Teaching for jobs that don’t exist… Yet!
It’s 2017 and I’m teaching students about early exploration in 5th-grade social studies. To be honest, I can’t tell who was more bored them, or me reading our social studies textbook chapter by chapter and filling out worksheets and tests week after week. That was the moment I fully transformed the way I was teaching. I got rid of lectures and worksheet-based lessons and started to incorporate hands-on learning. The first project was to identify a problem Christopher Columbus had in his voyage and create a solution. I allowed my students to come up with their own problems and solutions in small groups. This meant each group had a different project. Some students were redesigning his boat to make it more efficient while others were inventing tools to help in his exploration. Were students showing me what they knew? Definitely! But now I wasn’t just teaching a lesson, I was creating an experience. Students took control of their learning.
Integrating STEM
As a 5th-grade math and social studies teacher, I began integrating STEM and hands-on learning into my everyday lessons. This innovative design fully changed the way I was teaching and changed my student’s outlook on the subject areas they were expected to master. This concept evolved into my current role as a K-5 STEM teacher.
STEM stands for Science, Technology, Engineering, and Mathematics. STEM promotes creativity, collaboration, resilience, team working skills, improves motivation and problem-solving skills. Those benefits alone should be enough to make you want to integrate STEM into the lessons you’re already teaching. By incorporating STEM teachers are giving students a kinaesthetic way to learn! STEM doesn’t have to be only science, math, technology, and Engineering. STEM can help you create cross-curriculum connections in your classroom.
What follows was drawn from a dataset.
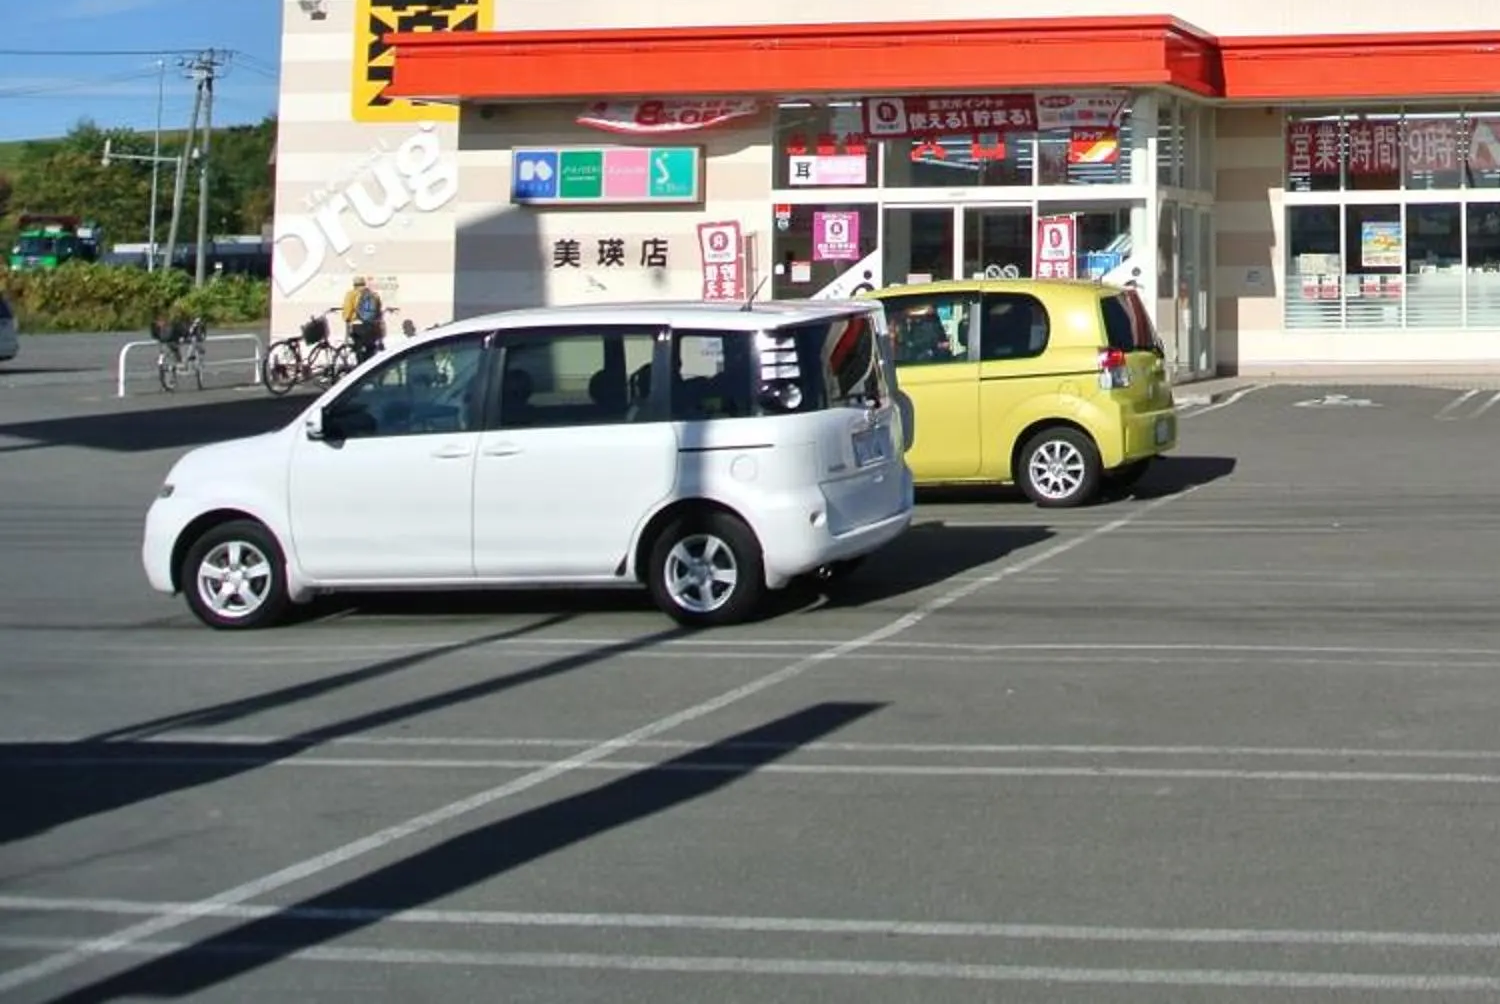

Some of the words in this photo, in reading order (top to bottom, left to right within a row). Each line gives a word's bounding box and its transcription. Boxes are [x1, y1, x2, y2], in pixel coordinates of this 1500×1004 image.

[272, 120, 459, 297] Drug
[554, 238, 668, 268] 美瑛店
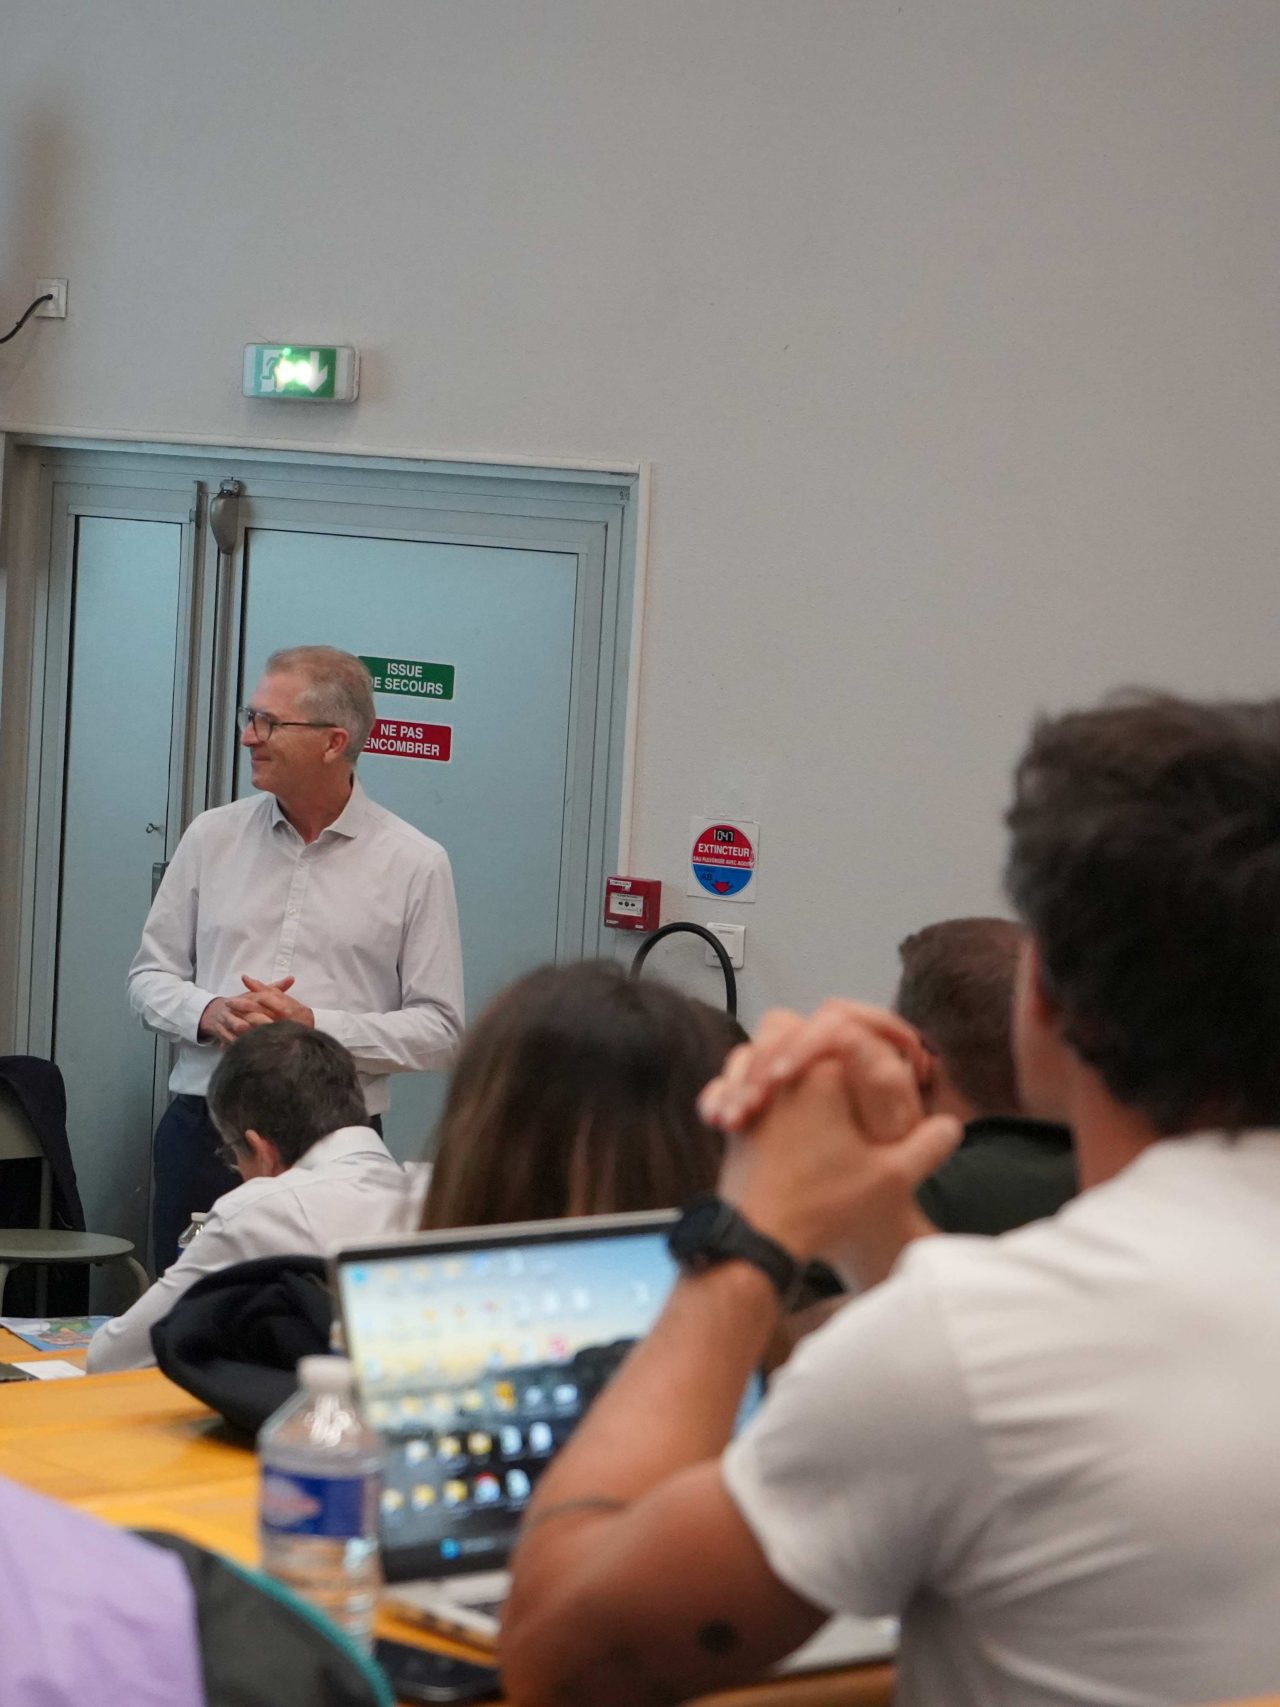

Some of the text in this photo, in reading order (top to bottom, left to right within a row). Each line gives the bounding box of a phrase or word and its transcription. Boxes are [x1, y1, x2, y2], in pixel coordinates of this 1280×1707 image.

Every lesson in STEM revolves around the design process and problem-solving. In ELA STEM can look like a novel study followed by creating a tiny home out of recycled materials for the main character. It can look like identifying a problem in a book and designing a solution to change the ending. STEM can look like designing a robotic hand and weighing the amount the hand can hold or measuring the distance the fingers can move. STEM can look like recreating monuments out of Legos or play-doh. Maybe you’re creating a wind turbine out of recycled materials and using play money to budget the amount you can spend to create your project. STEM can also look like creating with building materials or coding robots. STEM can fit into any subject area and any grade level.
STEM education is innovative, powerful, and a necessity for students today. This is a place for students who thrive on hands-on learning to excel. Innovation is critical in education today, we owe it to our future leaders to create something that is new and better in the classroom. By incorporating STEM education into lessons you’re already teaching, you are preparing students for the real world outside of our classroom.